TASK DESCRIPTION
Leaving the pictures aside, return the listing exactly as it appears.

** Opening TASK INPUTS block **

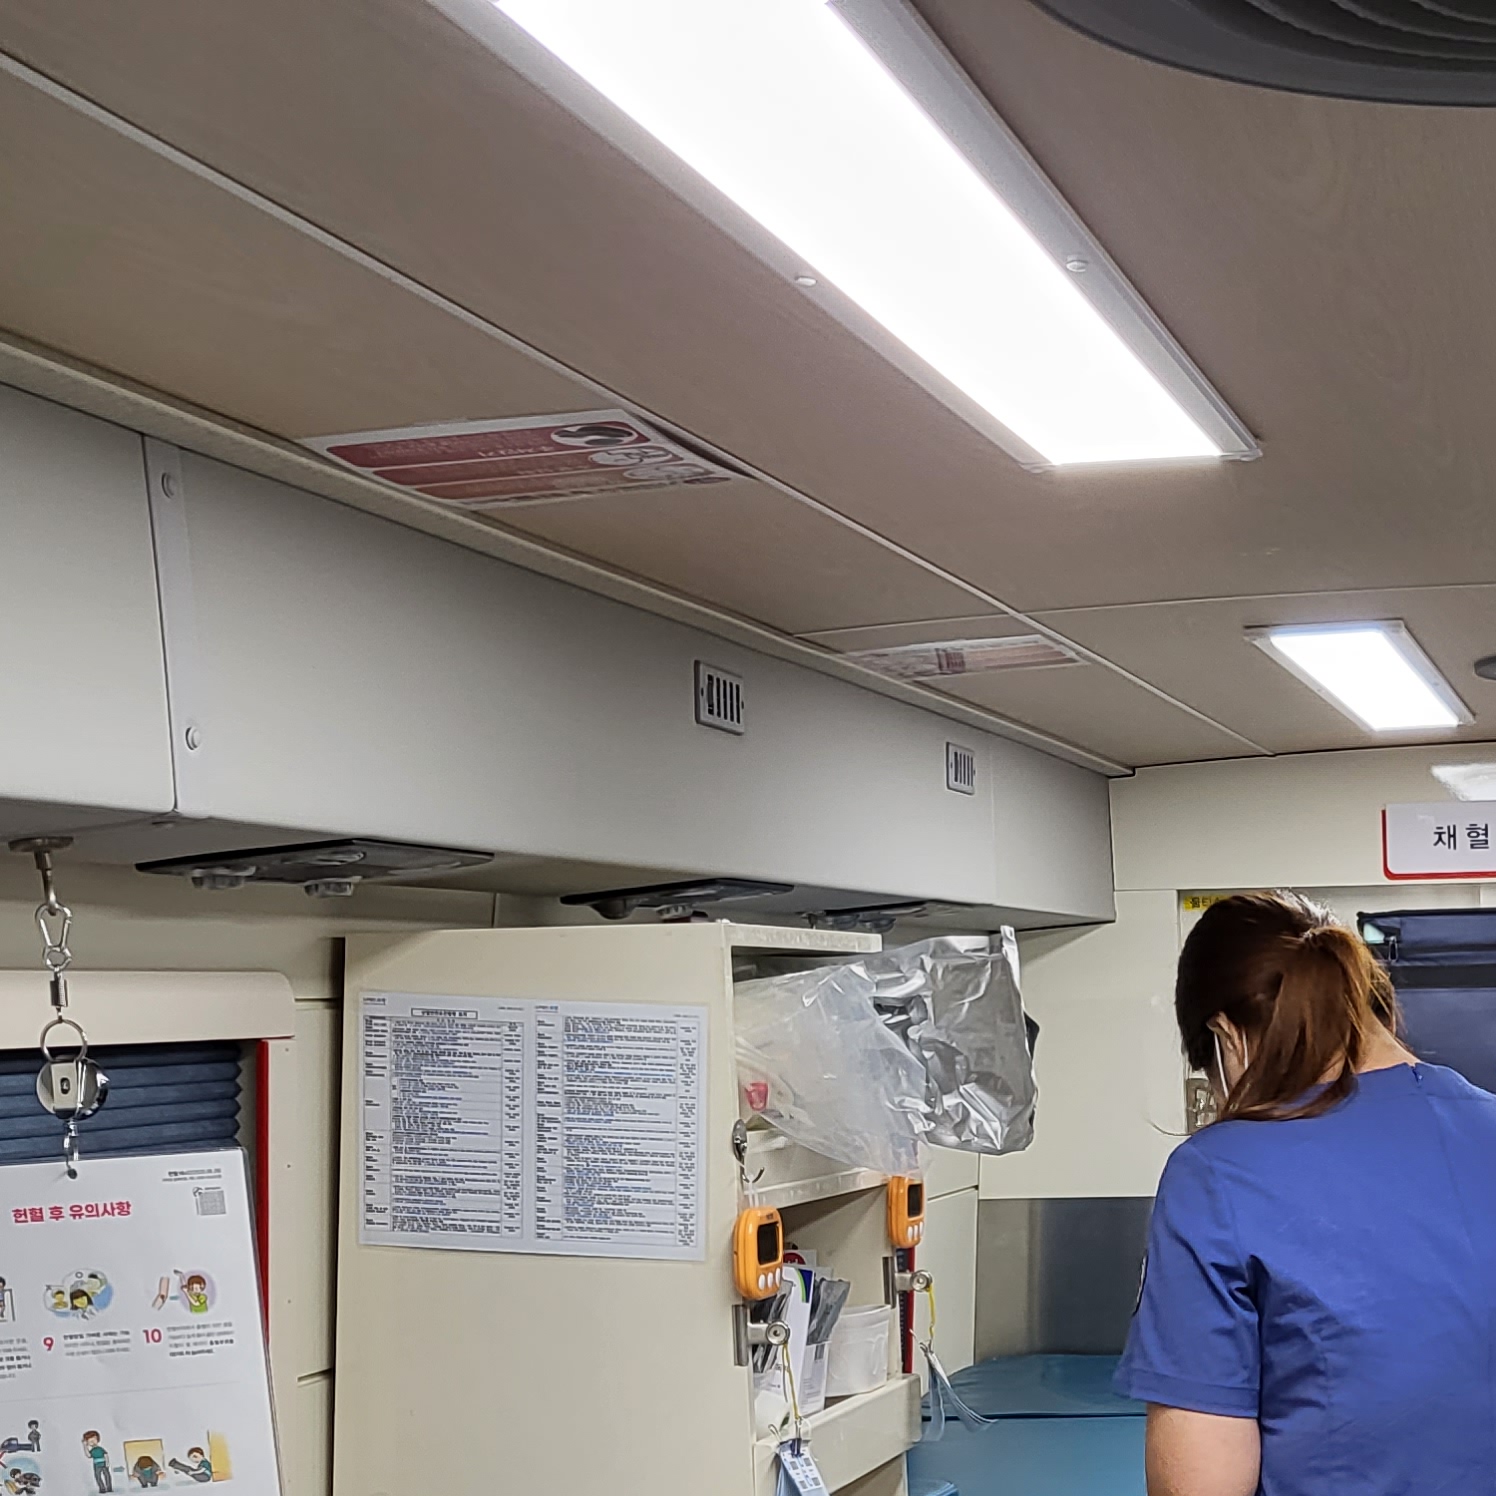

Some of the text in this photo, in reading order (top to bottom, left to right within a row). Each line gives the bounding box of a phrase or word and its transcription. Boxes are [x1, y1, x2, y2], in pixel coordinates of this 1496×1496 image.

[12, 1200, 132, 1223] 헌혈 후 유의사항
[43, 1337, 55, 1351] 9
[143, 1328, 163, 1344] 10
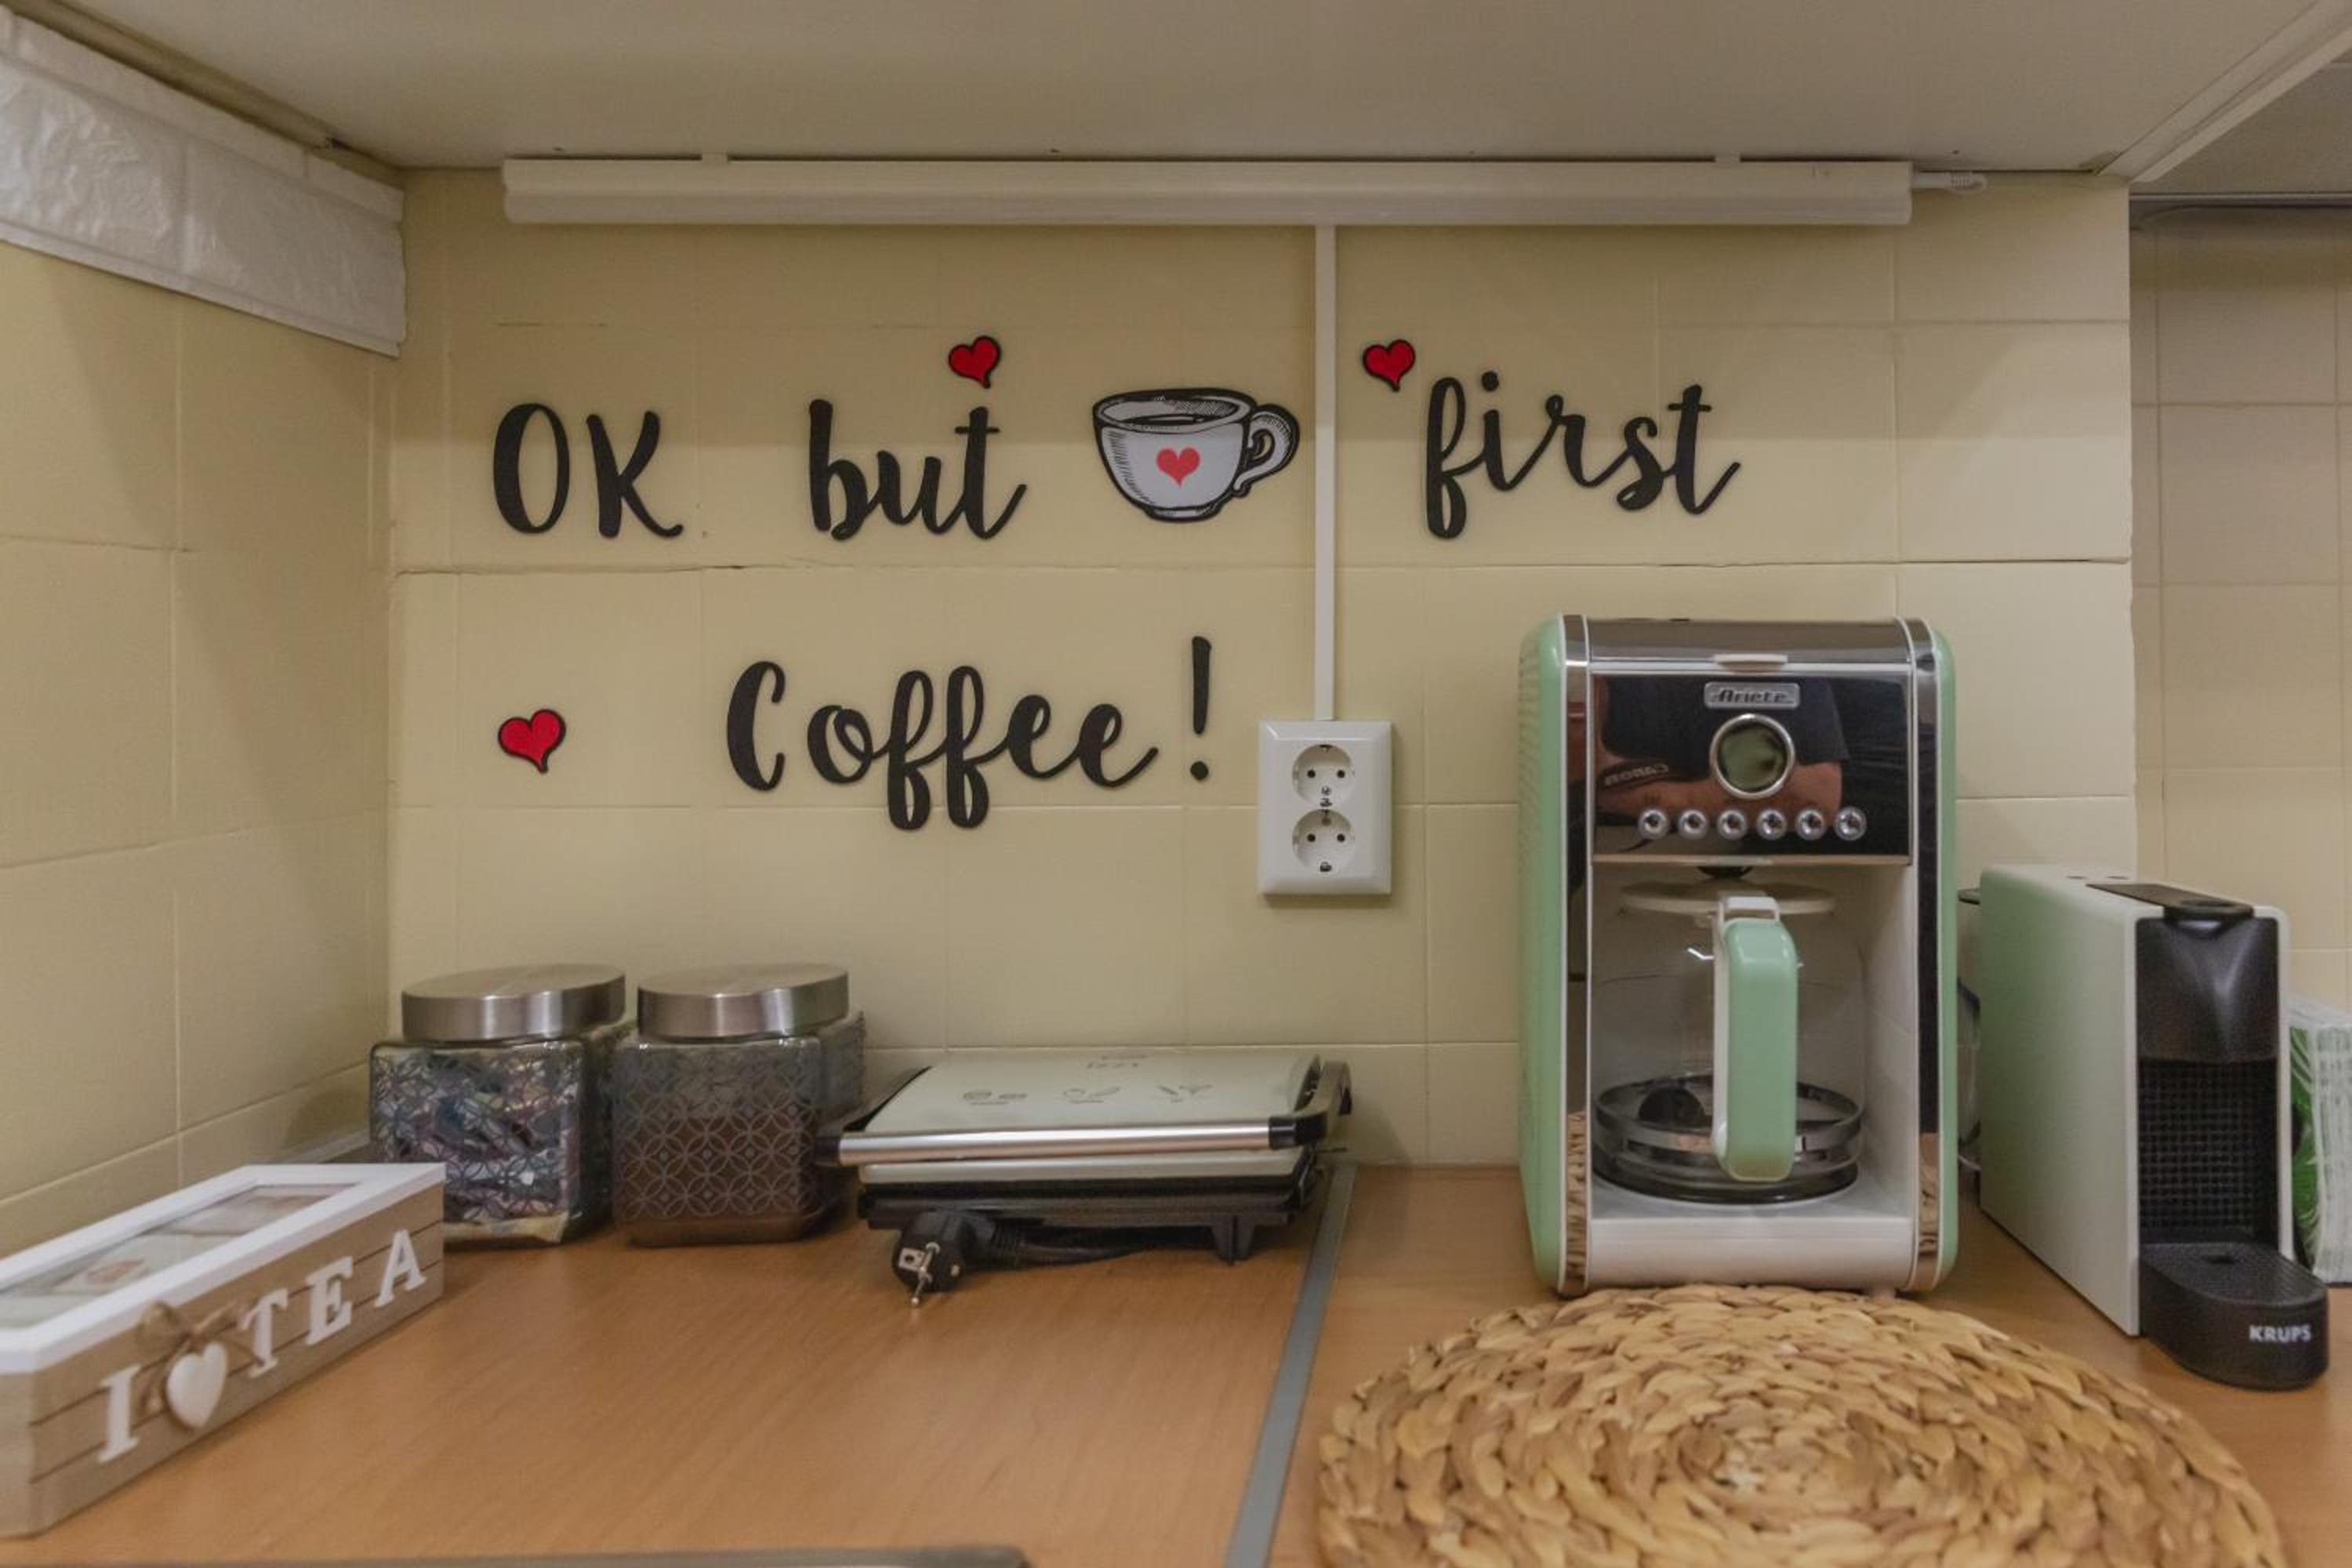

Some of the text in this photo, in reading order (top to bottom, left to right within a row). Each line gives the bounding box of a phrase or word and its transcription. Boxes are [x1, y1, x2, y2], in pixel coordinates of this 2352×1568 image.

** Closing TASK INPUTS block **

THE ANSWER
Some of the text in this photo, in reading order (top to bottom, left to right within a row). Each line gives the bounding box of a phrase or word and its transcription. Boxes are [x1, y1, x2, y2], in pixel coordinates of this 1496×1496 image.

[12, 1200, 132, 1223] 헌혈 후 유의사항
[43, 1337, 55, 1351] 9
[143, 1328, 163, 1344] 10

Some of the text in this photo, in reading order (top to bottom, left to right within a row). Each line gives the bounding box of a phrase or word and its transcription. Boxes are [x1, y1, x2, y2], in pixel coordinates of this 2352×1568 image.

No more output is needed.